April 18, 2021 by lancasterherp
The Lancaster Herpetological Society (LHS) wants to thank everyone that attended the digital meeting on Friday evening. We were fortunate to have Jason Clark of Southeastern Reptile Rescue talk about turning his passion for reptiles into a career.
Jason started the night by dazzling us with a few clips from his YouTube Channel, including a video of him rescuing a pair of Timber Rattlesnakes entangled in netting and another of him feeding some large alligators, demonstrating the variety of work that he does for Southeastern Reptile Rescue in Georgia. Early on, Jason realized that diversifying his business was a way to help bring in funds, as many people have an aversion to snakes and no desire to donate money to save them.
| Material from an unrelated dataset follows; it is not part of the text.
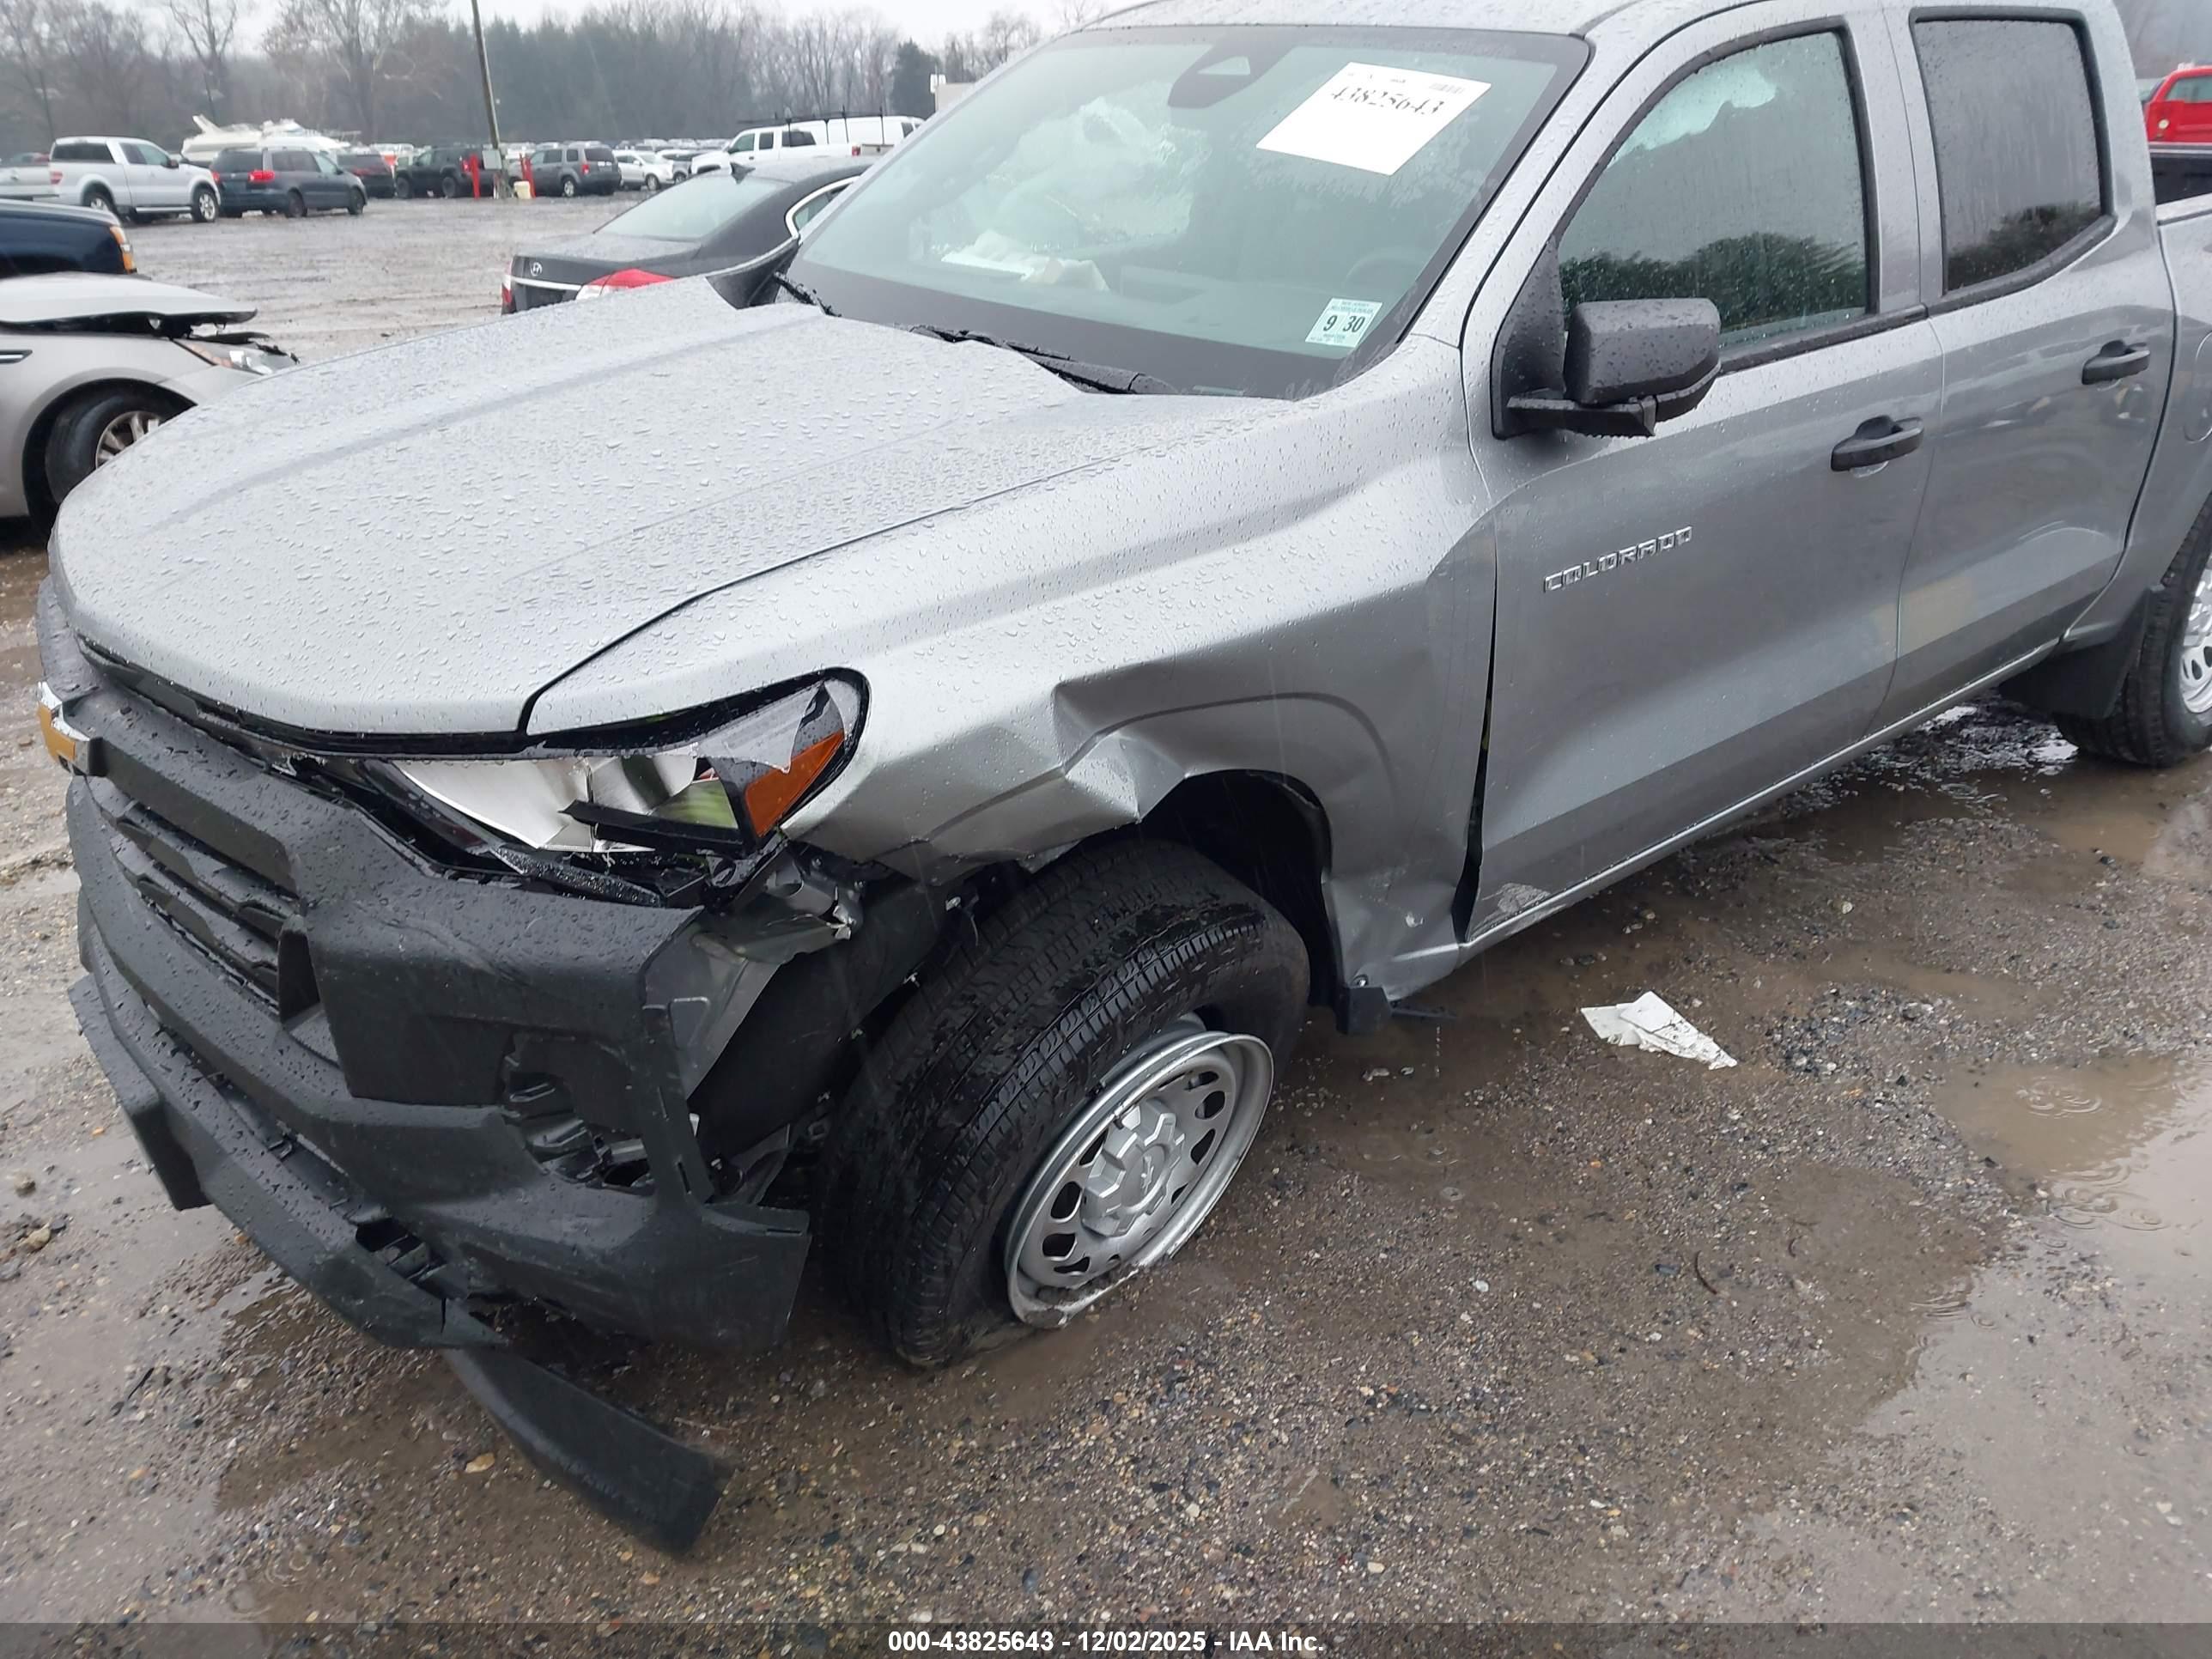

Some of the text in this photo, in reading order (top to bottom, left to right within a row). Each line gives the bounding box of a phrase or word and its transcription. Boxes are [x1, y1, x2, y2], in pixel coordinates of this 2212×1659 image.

[1331, 87, 1444, 114] 43825643
[1323, 315, 1365, 333] 9 30
[1544, 526, 1692, 592] COLORADO
The rescue aspect of the business is not what brings in any money; in fact, it just costs a lot of money. People started asking him to give educational programs at nature centers, and after overcoming a fear of public speaking, he found that such programs were a great way to earn income, and also dispel people’s misconception about snakes. Jason does animal wrangling for films and TV shows, as well. He got his foot in the door with a show on Animal Planet, and pretty soon after he was being contacted to provide animals for all sorts of films. He told us a humorous story of getting to punch Owen Wilson for the film Hall Pass (2011), and how Anthony Hopkins temporarily halted the production of the film Solace (2015) so he could see some of his scaly companions.
Jason stressed the importance of working hard and cast some shade on the adage “if you find something you love to do, you will never work a day in your life.” He loves what he does, but has worked harder at it than any other job he has had in his life. With any job in the entertainment business, if you are not putting your all into each show, you will eventually be replaced by someone who is doing it better. He added that the diversity of what he does helps keep everything fresh. If he was just wrangling animals for movies all the time, he would tire of it. Aside from the educational programs and the animal wrangling for films, he also trains dogs to recognize and avoid venomous snakes. He is an alligator agent for Georgia to remove alligators from peoples’ properties, as well.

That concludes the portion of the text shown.